The administration has held frequent meetings in recent weeks to tout the various aspects of the nation's new health care law to senior citizens. The law takes effect this year.
Tuesday's event will focus on the administration's efforts to combat senior scams as the $250 "donut hole" rebate checks are mailed out.The first checks will be sent Thursday, three weeks earlier than scheduled, to about 80,000 people.
Medicare has sent out brochures reminding seniors they don't have to fill out a form to receive the benefit, nor should they give out personal information -- such as Social Security or bank account numbers -- to anyone who calls about the checks.
The rebates are the first step to close the gap in Medicare's prescription drug coverage.The Department of Health and Human Services estimates that about 4 million seniors will get the rebates in 2010.
The move is one of the first tangible results of the health reform law.
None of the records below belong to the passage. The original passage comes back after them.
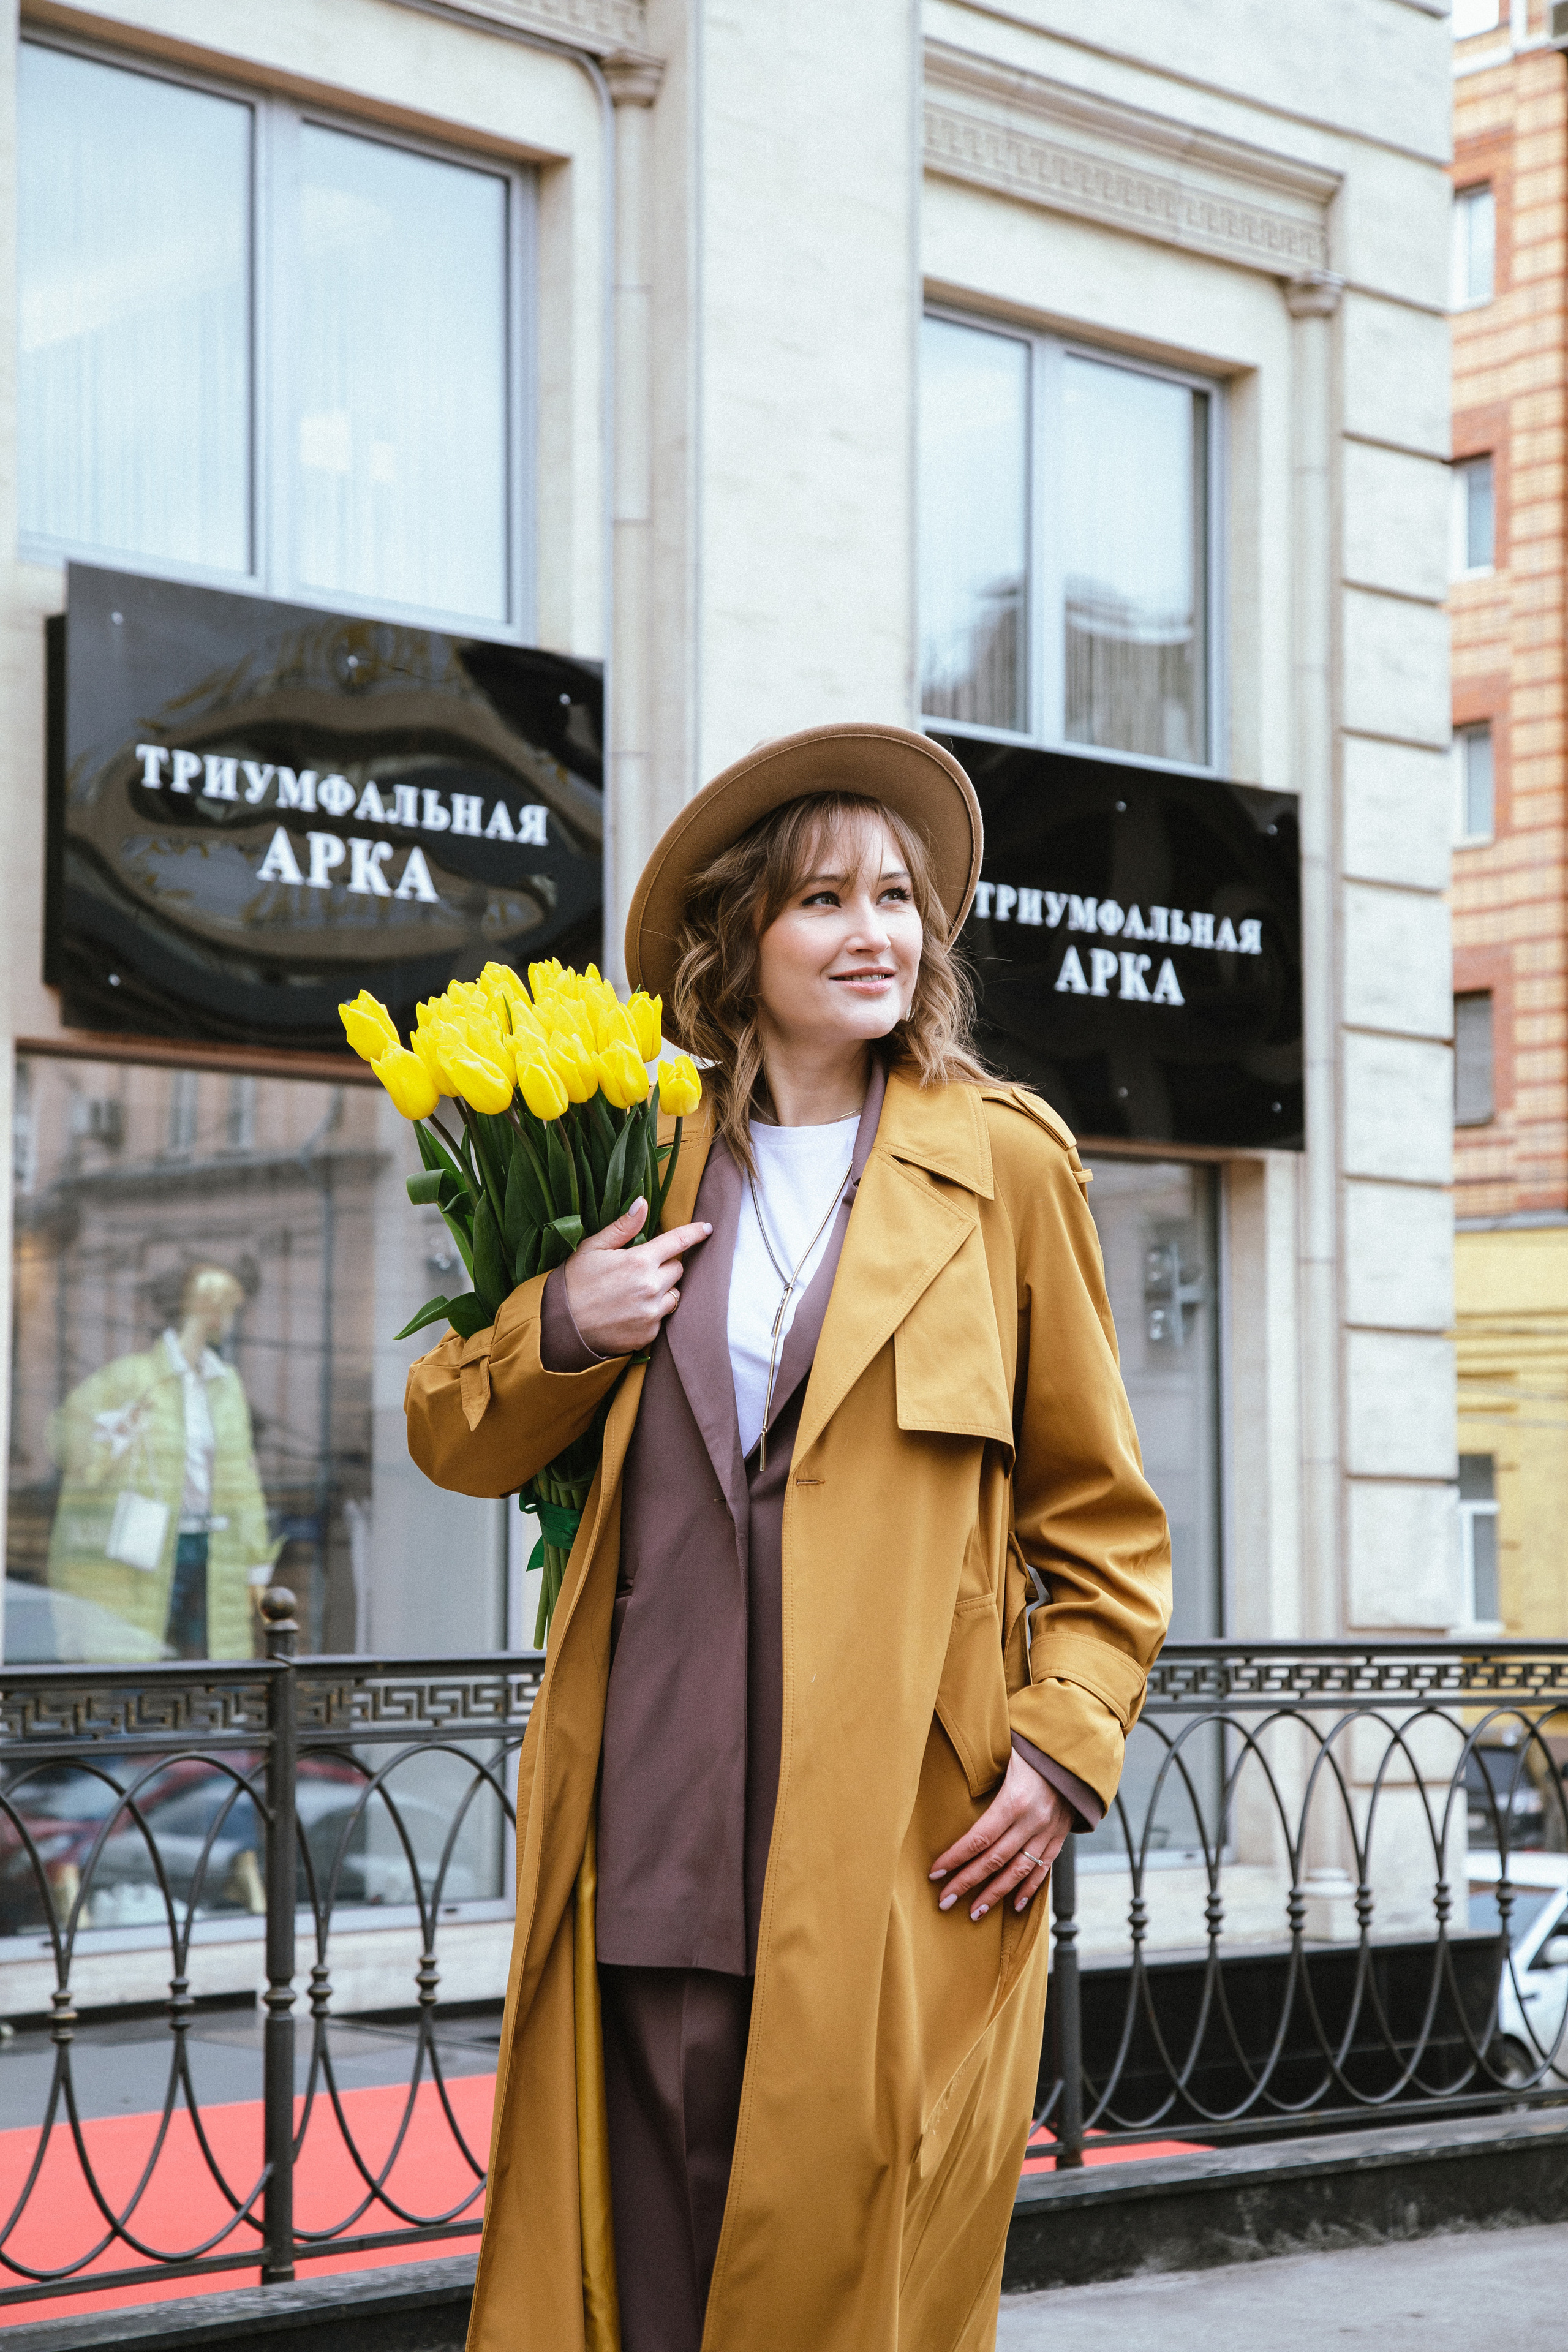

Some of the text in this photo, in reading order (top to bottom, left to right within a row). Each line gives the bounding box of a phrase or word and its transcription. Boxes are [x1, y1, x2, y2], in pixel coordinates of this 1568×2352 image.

[135, 743, 549, 847] ТРИУМФАЛЬНАЯ
[256, 826, 440, 903] АРКА
[975, 881, 1263, 956] ТРИУМФАЛЬНАЯ
[1054, 944, 1185, 1006] АРКА
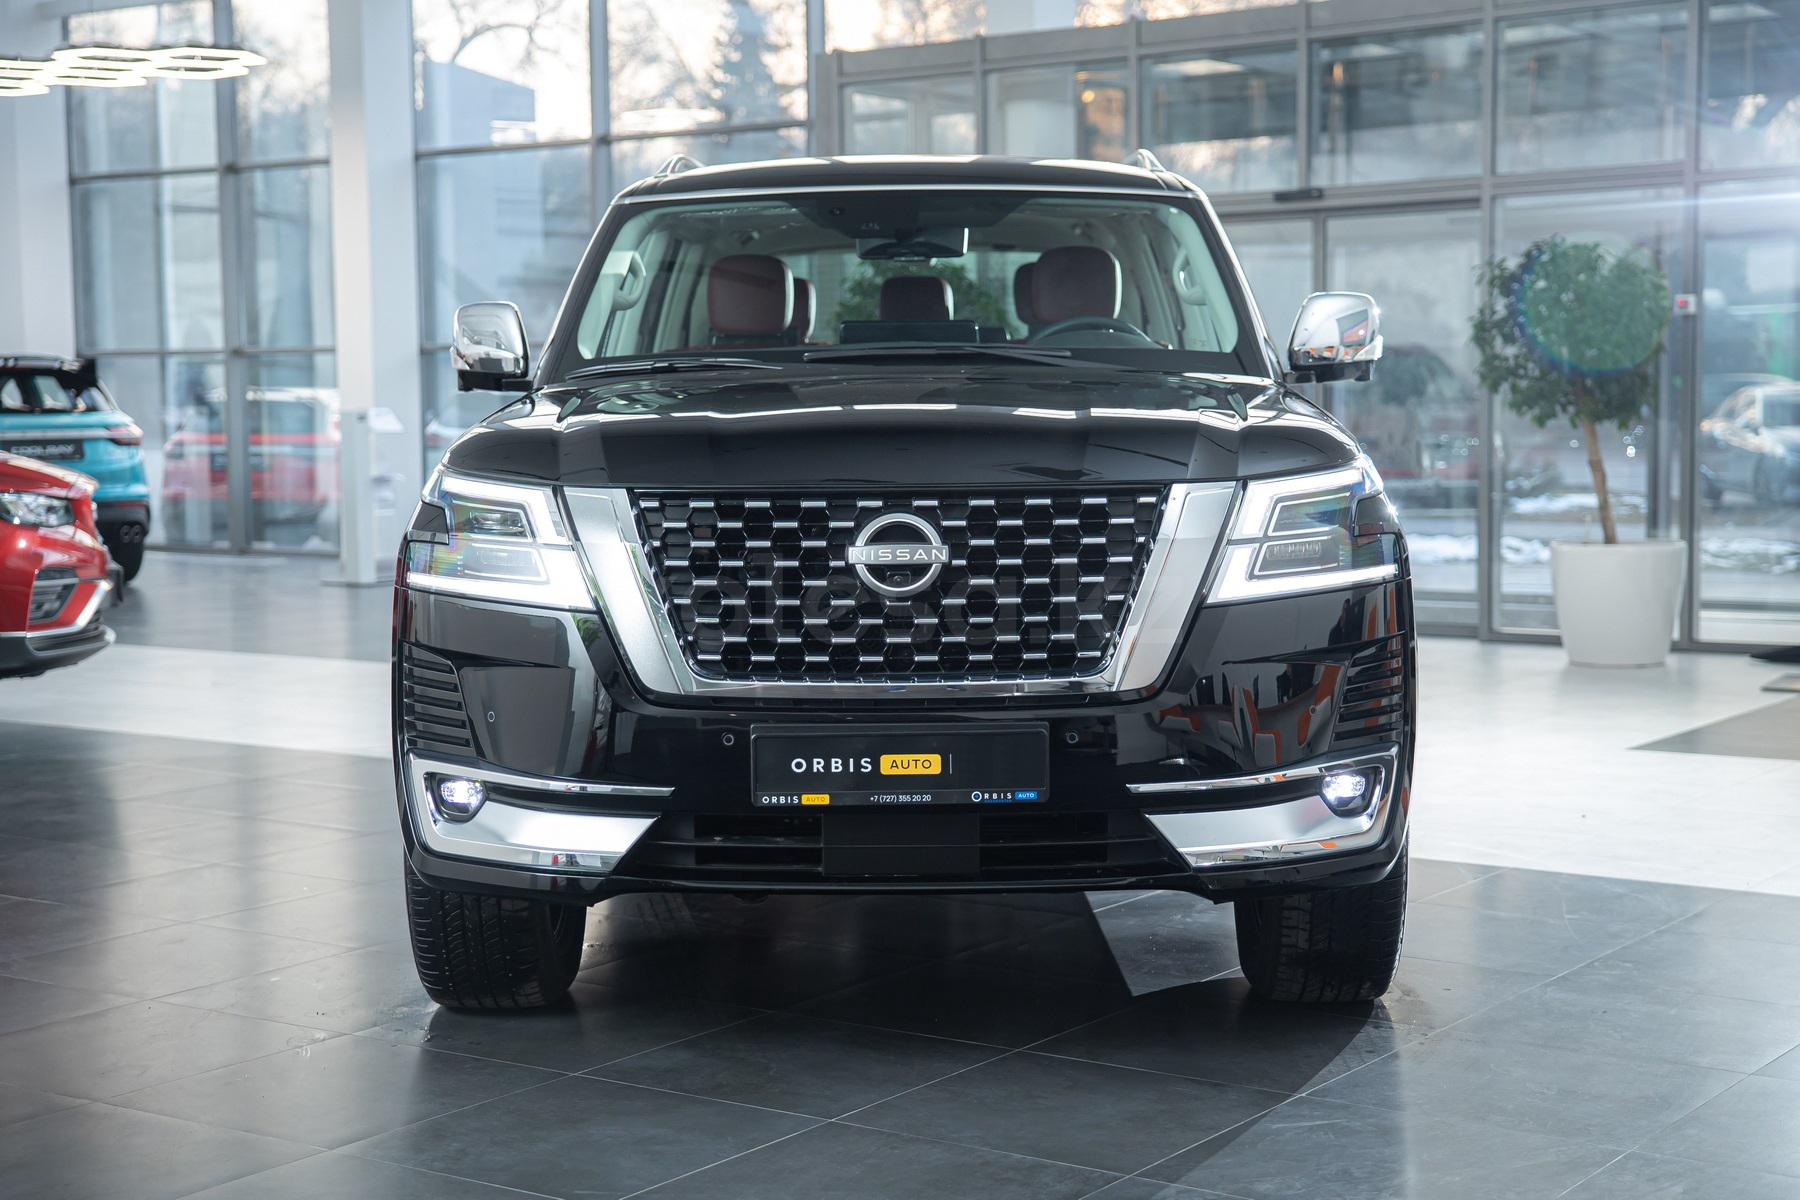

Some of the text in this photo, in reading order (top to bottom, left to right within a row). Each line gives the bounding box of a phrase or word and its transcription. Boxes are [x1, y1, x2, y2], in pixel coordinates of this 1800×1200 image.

At a press conference last month, Health and Human Services Secretary Kathleen Sebelius said closing the donut hole is "one of the biggest ways the new law is going to help seniors."
Seniors get stuck in the donut hole if their prescription drugs cost too much to be paid for through basic Medicare coverage, but aren't expensive enough to qualify for catastrophic coverage.
"We think our members will see these checks as a good faith down payment on what they've been looking for so long: closing this coverage gap," said Cheryl Matheis, AARP's senior vice president for health strategy."Many Medicare patients are on a fixed income, so every dollar helps," she added.